А мир уже растворился.


***

«Воскресенье, 29 августа. Итак, вернёмся к распорядку дня. После завтрака начинаются стандартные процедуры обход пациентов, за который отвечает дежурный врач, посещение лечебных занятий для постояльцев и заполнение отчетностей персоналом. В этом мероприятии участвуют все доктора и медсестры, не занятые в обходе. Гединк превратил этот скучный бюрократический акт в целую церемонию, в ходе которой в течение получаса изо всех кабинетов раздаются лишь бесконечные числа, из звукоусилителей сыплются приказы тех, кто успел завладеть громкоговорителем раньше остальных, печатные машинки превращаются в агрегаты макулатуры, а Гединк торжественно разгуливает по коридорам, кивая направо и налево. Может показаться, что в больнице царит хаос, но это ложное впечатление. Все действия выверены до мельчайших деталей, и внешняя суматоха рождает внутренний порядок в делах. Когда с отчётами покончено, все пьют кофе и принимаются за повседневную работу».


Но в этот день всё было иначе.

В восемь утра ко мне заглянула медсестра Йиваль Броствернэлл и передала приглашение профессора позавтракать на веранде санатория. Выход туда был только через его кабинет, а потому чести разделить с Гединком трапезу удостаивались лишь избранные. Очередь приглашённых была составлена на неделю вперёд, и для меня сделали «известное исключение». Йиваль улыбнулась мне и не спешила уходить, хотя я сделал вид, что встаю и собираюсь одеваться.
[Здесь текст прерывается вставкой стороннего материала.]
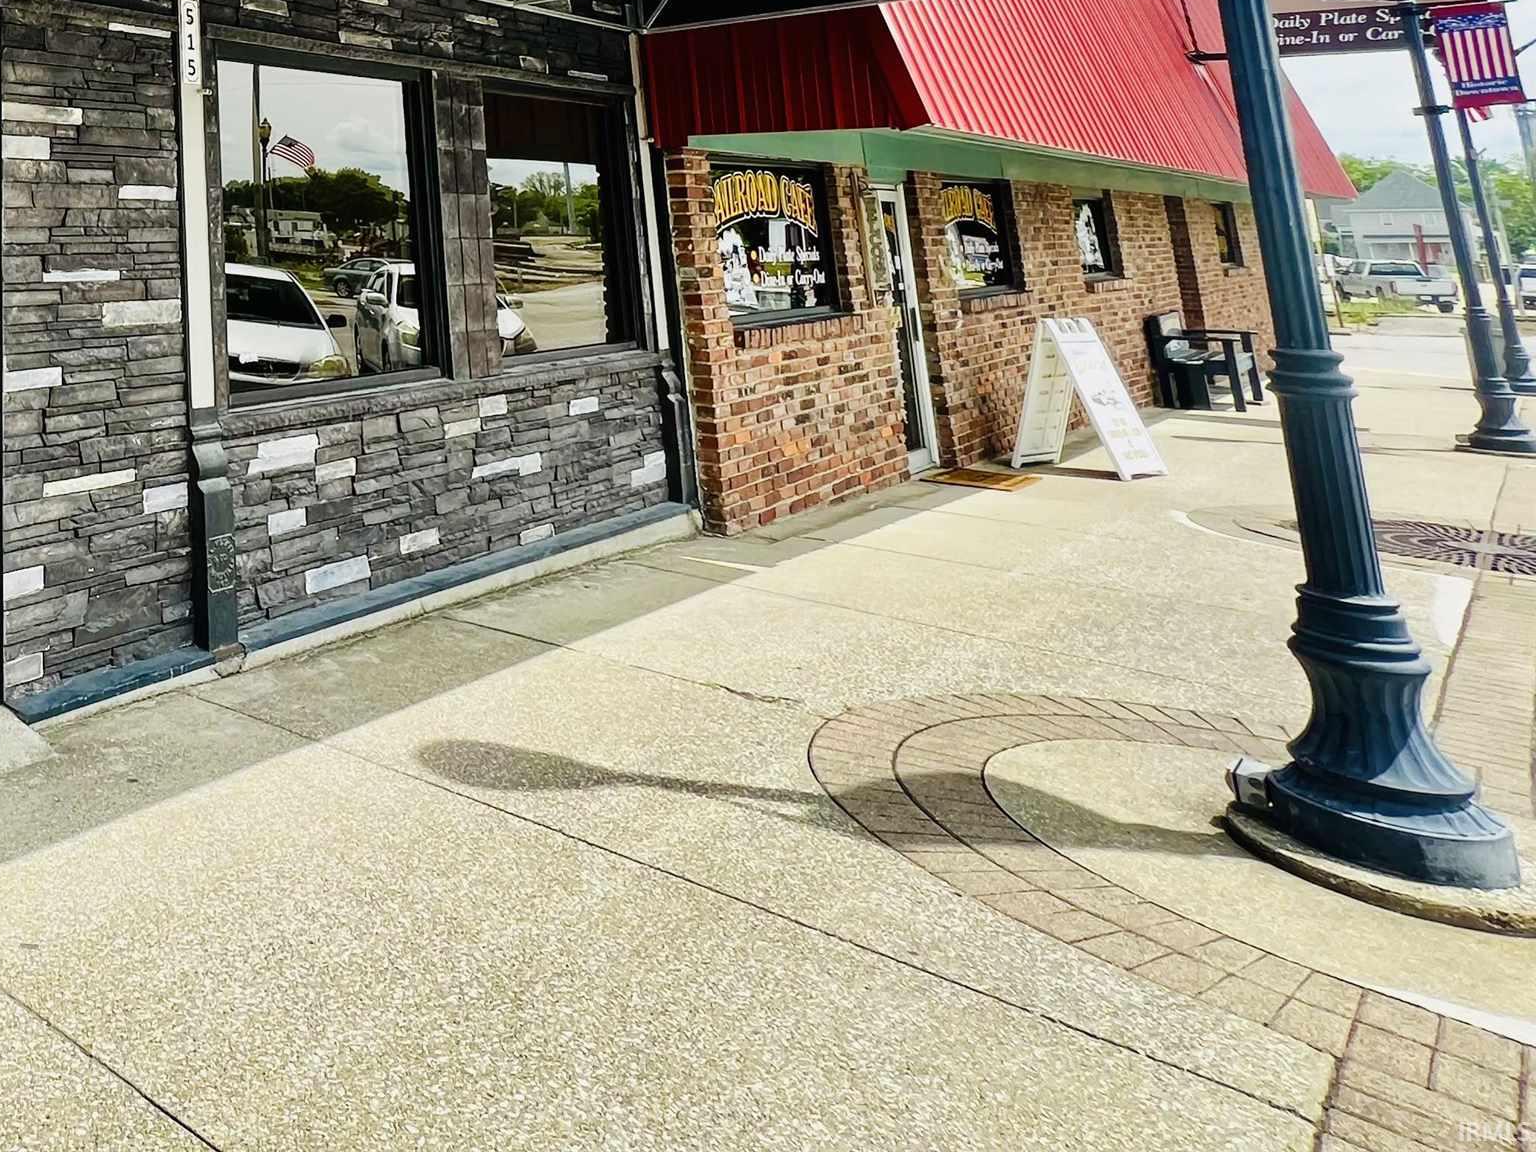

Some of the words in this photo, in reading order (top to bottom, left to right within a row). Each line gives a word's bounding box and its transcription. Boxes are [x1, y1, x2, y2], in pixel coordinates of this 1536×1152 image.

Она спросила, нужно ли мне чего-нибудь, а потом справилась, хорошо ли я спал. Так я испытал давно забытое, по-настоящему юношеское смущение.

Веранда примыкала к кабинету Гединка и одновременно выходила окнами на пруд в парке и редколесье, за которым открывался потрясающий вид на город. Отсюда были видны лучшие его части зажиточные предместья и административный квартал. Дымка скрывала и гавань, и путы железной дороги, сковавшей южные районы, и другой берег реки с фабриками и цехами. Собравшиеся за столом долго ждали хозяина.

 Плохо то, что у всех нас разные обычаи на завтрак, а профессор не придаёт этому значения,  сказал мне Томэн, широколицый врач из детского отделения.  Я, например, люблю плотно закусить беконом и гренками, а он выпивает чашку чая с клубничным джемом и долькой лимона, а потом кружится до полудня по палатам. У меня же обед наступает не раньше двух часов. До этого времени на одном кофе не протянешь.